電気的な力で化学反応を強制的に進める「電気分解」や、逆に化学反応の結果として電位差が生じる「電池」や「燃料電池」などは、すべて電気化学反応の具体例です。
Key Facts
- 電気化学反応の定義:電子が外部回路を介して移動することで進行する化学反応のこと。
- 基本メカニズム:酸化(電子の放出)と還元(電子の獲得)のペアで進行する。
- ネルンストの式:電極の電位と溶液の濃度(活性)の関係を定量的に示す重要な方程式。
- ファラデーの法則:電極で析出または溶解する物質の量は、流れた電気量に比例するという法則。
- 実用例:鉛蓄電池、燃料電池、電気メッキ、金属の防食処理など。
電気化学の歩み:先駆者たちが築いた理論
黎明期から19世紀前半まで
電気化学の原点は18世紀後半に遡ります。イタリアのルイージ・ガルヴァーニは、生物体における電気的な性質を研究し、化学反応と電気の結びつきを提示しました。

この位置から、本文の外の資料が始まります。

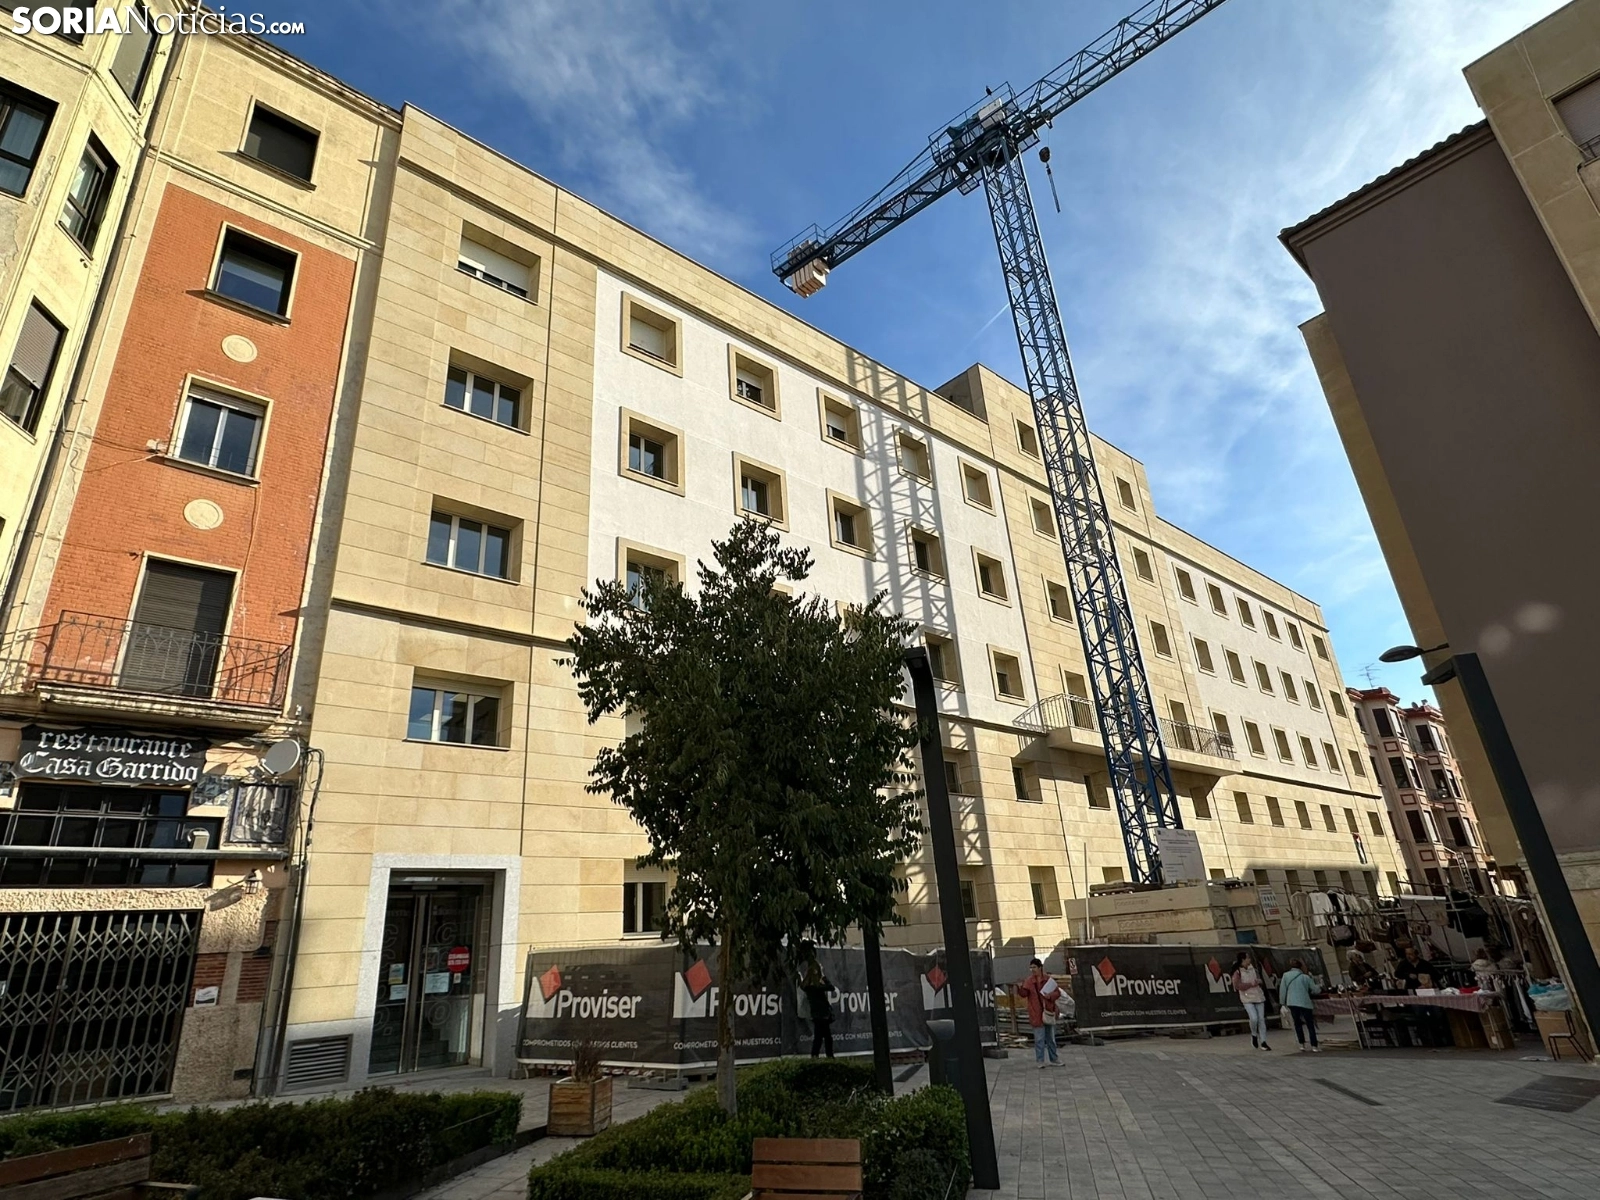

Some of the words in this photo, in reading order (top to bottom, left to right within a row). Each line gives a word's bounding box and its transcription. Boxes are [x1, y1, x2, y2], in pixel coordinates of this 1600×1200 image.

[37, 731, 193, 758] restaurante
[20, 751, 91, 776] Casa
[96, 757, 199, 782] Garrido
[1115, 974, 1181, 996] Proviser
[557, 989, 642, 1018] Proviser
[827, 985, 898, 1013] Provier
[611, 1041, 638, 1049] CLIENTES
[673, 1040, 719, 1050] COMPROMETID
[742, 1037, 774, 1046] NUESTROS
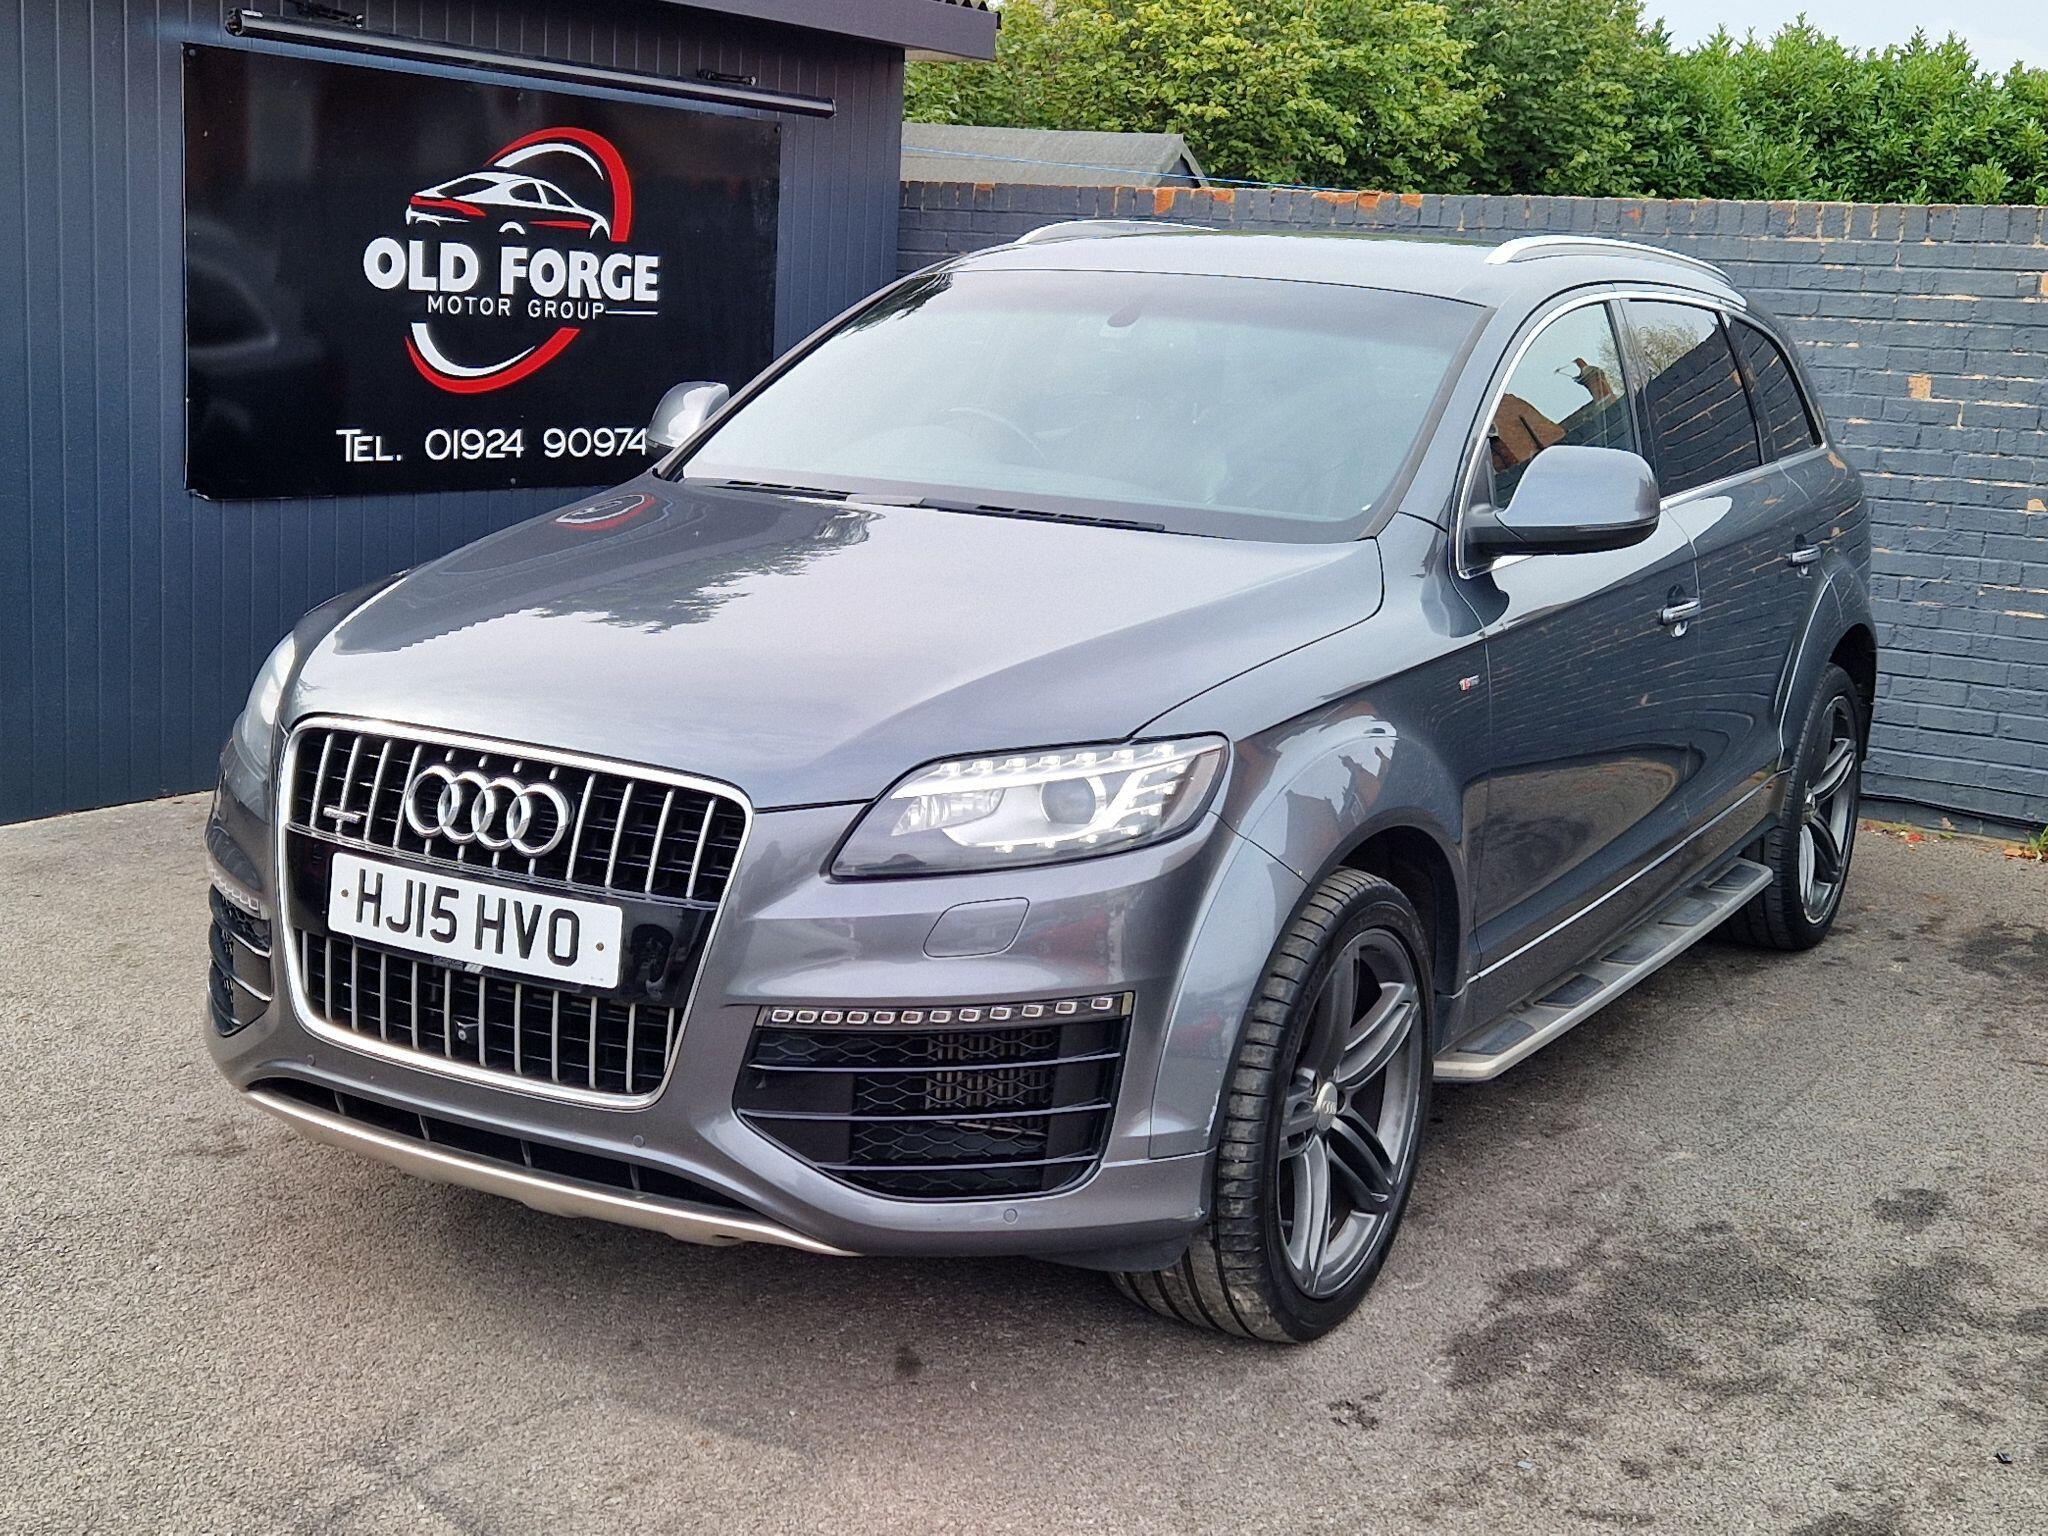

その後、19世紀に入ると急速に発展します。アレッサンドロ・ボルタが開発した電池を用いて、ニコルソンとリッターは水の電気分解に成功し、さらにリッターは電気メッキのプロセスを発見しました。1810年代にはハンフリー・デービーが電気分解を用いて、ナトリウムやカリウムなどのアルカリ金属を単離することに成功し、電気的な電荷の差が化学結合に関わっていることを明らかにしました。


理論の確立と発展
1832年、マイケル・ファラデーは電気化学における2つの基本法則を提唱し、定量的な解析を可能にしました。また、ジョン・ダニエルは分極問題を解決した一次電池を開発し、電圧の安定化を実現しました。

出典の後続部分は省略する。